(Stored data)

----

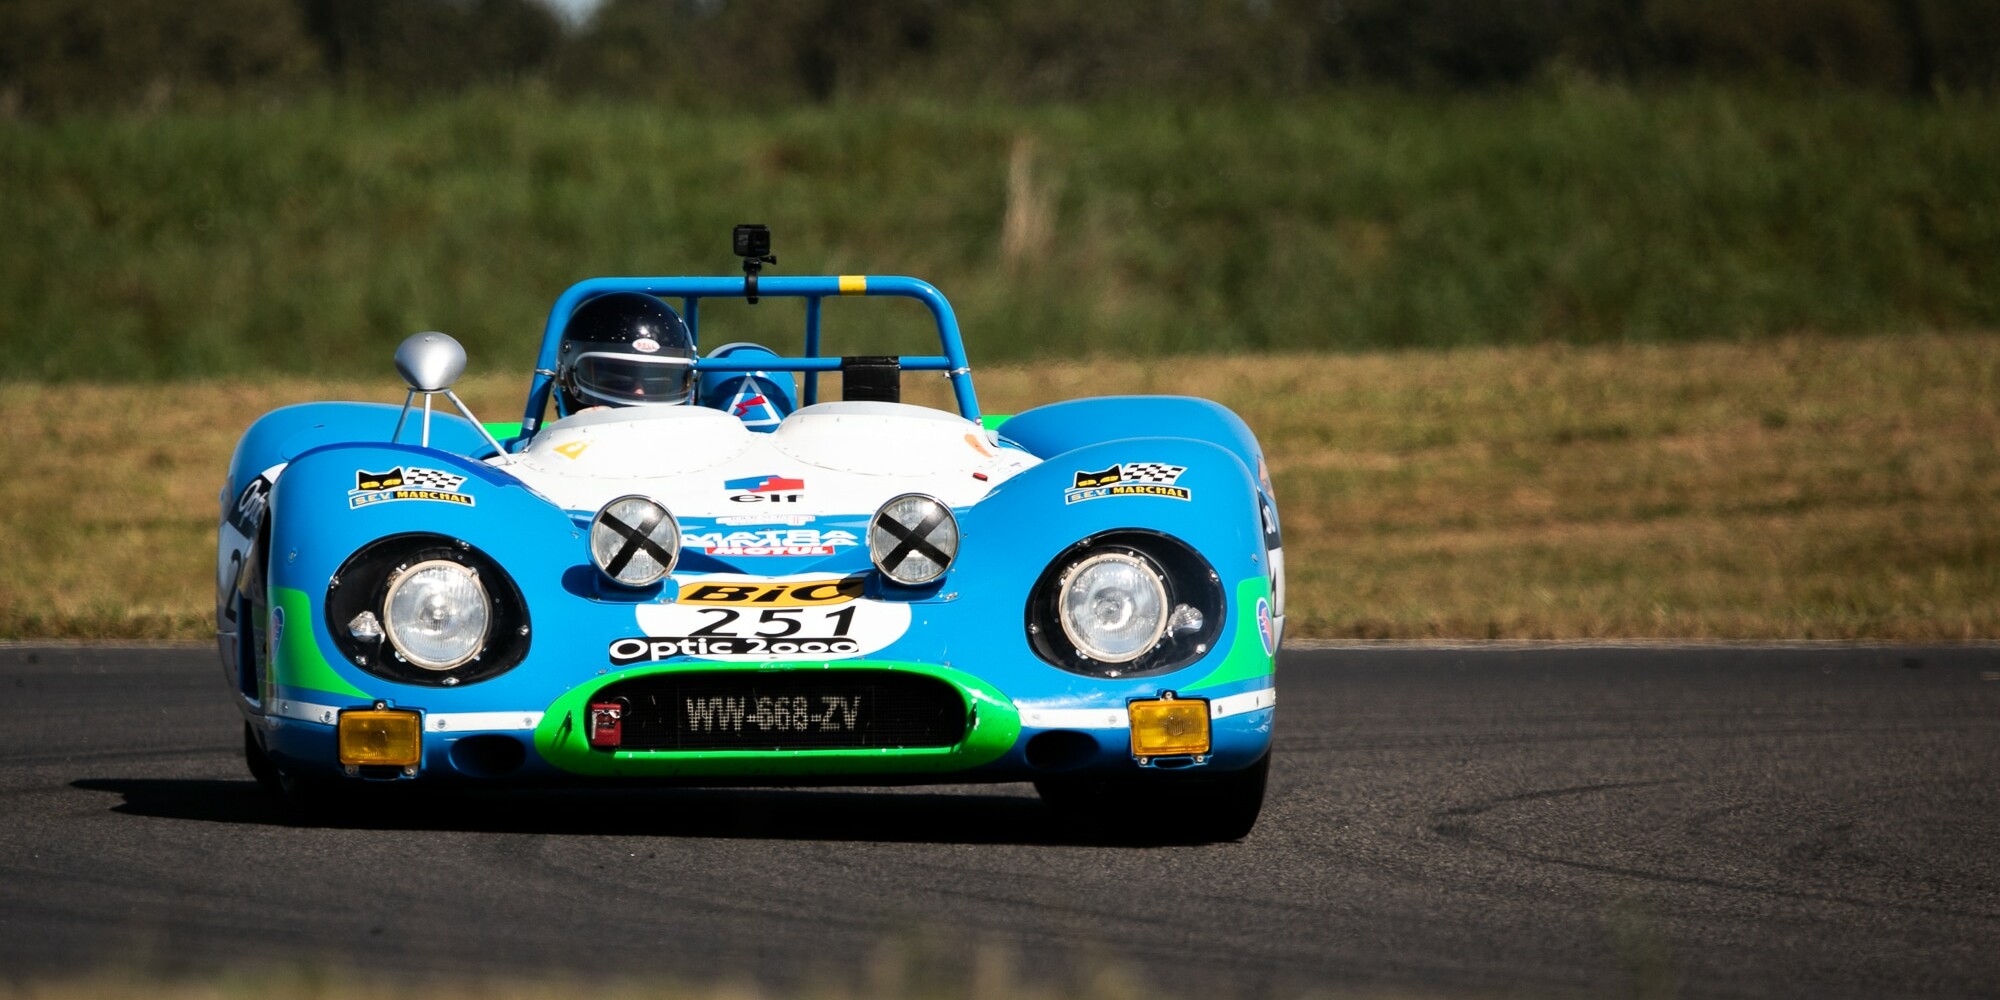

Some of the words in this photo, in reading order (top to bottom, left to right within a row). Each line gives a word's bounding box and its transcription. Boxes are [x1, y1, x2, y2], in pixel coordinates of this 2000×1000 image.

[396, 491, 468, 503] MARCHAL
[1113, 486, 1184, 498] MARCHAL
[729, 494, 804, 503] elf
[712, 547, 830, 555] MOTUL
[688, 606, 856, 638] 251
[609, 638, 733, 662] Optic
[746, 638, 860, 655] 2000
[686, 696, 861, 732] WW-668-ZV
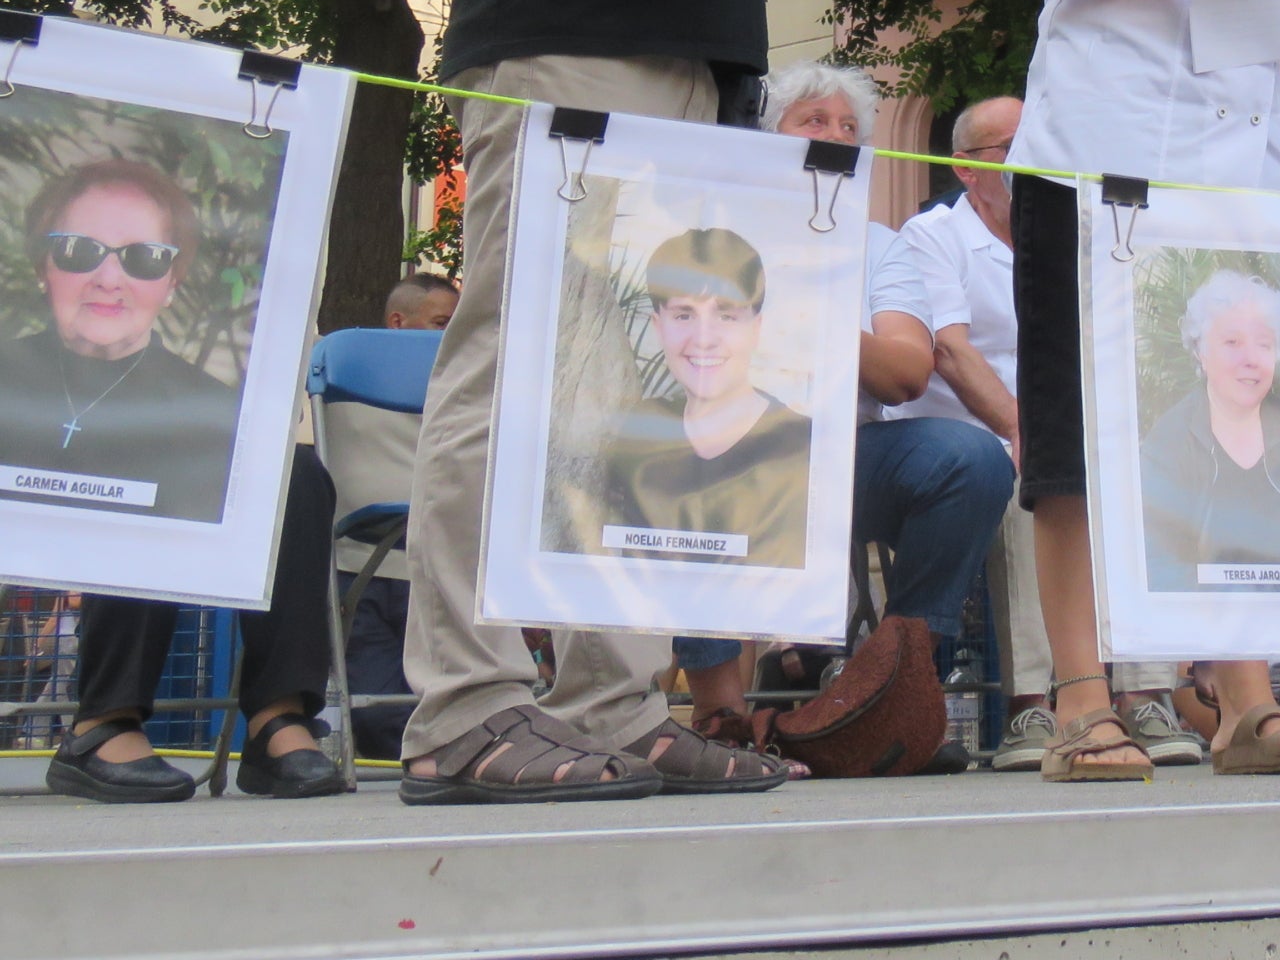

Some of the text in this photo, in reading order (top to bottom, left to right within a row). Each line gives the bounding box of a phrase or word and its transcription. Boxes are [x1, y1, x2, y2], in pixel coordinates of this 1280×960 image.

[15, 474, 124, 499] CARMEN AGUILAR
[625, 533, 662, 547] NOELIA
[1223, 570, 1256, 581] TERESA
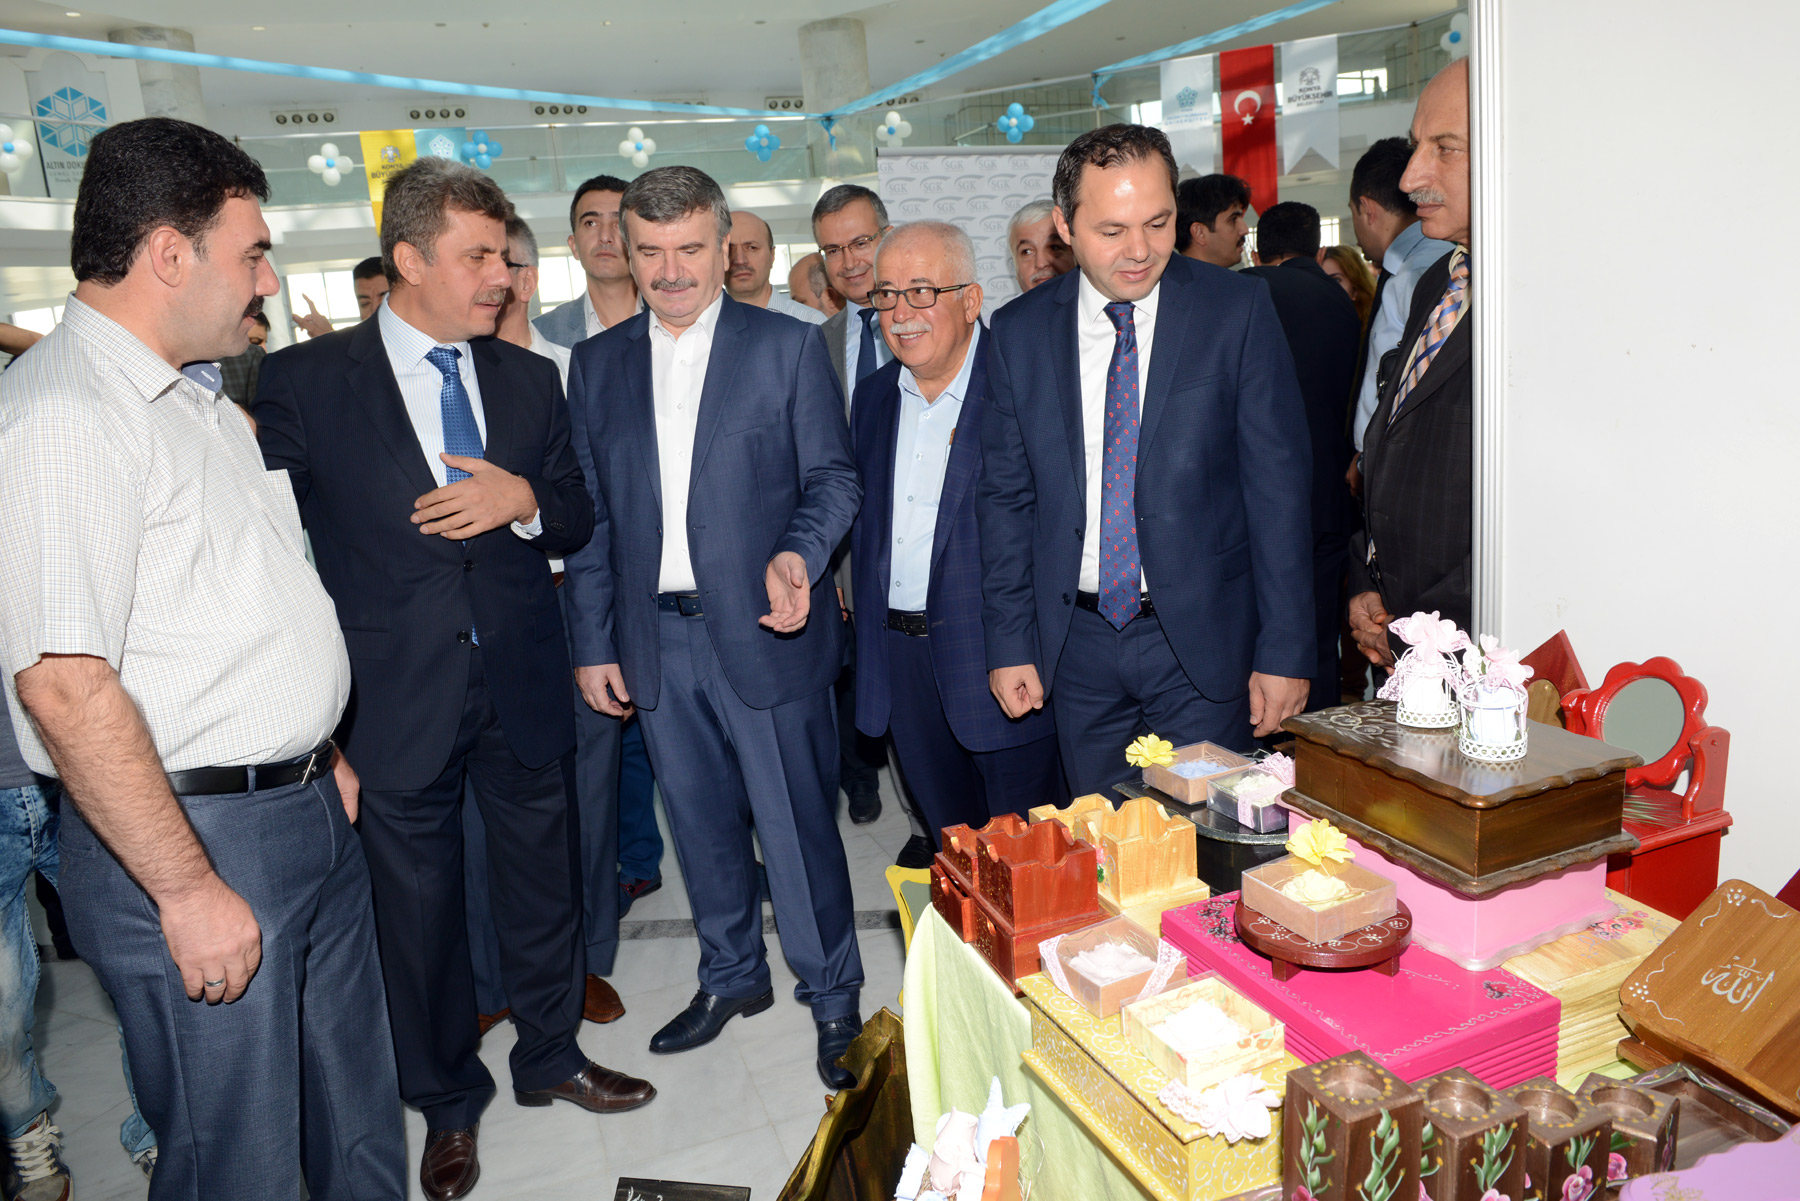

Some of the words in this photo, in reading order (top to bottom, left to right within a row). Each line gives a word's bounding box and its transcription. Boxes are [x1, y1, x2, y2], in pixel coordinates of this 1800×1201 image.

----

## ABOUT THIS TASK
Could you set down every record above exactly as written, leaving out the pictures?

## SOLUTION TO THIS EXERCISE
Some of the words in this photo, in reading order (top to bottom, left to right within a row). Each line gives a word's bounding box and its transcription. Boxes are [x1, y1, x2, y2], in pixel coordinates of this 2000×1000 image.

[396, 491, 468, 503] MARCHAL
[1113, 486, 1184, 498] MARCHAL
[729, 494, 804, 503] elf
[712, 547, 830, 555] MOTUL
[688, 606, 856, 638] 251
[609, 638, 733, 662] Optic
[746, 638, 860, 655] 2000
[686, 696, 861, 732] WW-668-ZV

Some of the text in this photo, in reading order (top to bottom, left to right within a row). Each line gives the bounding box of a phrase or word and its transcription. Boxes are [x1, y1, x2, y2], in pixel coordinates of this 1280×960 image.

[15, 474, 124, 499] CARMEN AGUILAR
[625, 533, 662, 547] NOELIA
[1223, 570, 1256, 581] TERESA

Some of the words in this photo, in reading order (top to bottom, left to right within a row). Each line gives a word's bounding box and its transcription. Boxes are [x1, y1, x2, y2], in pixel coordinates of this 1800×1201 image.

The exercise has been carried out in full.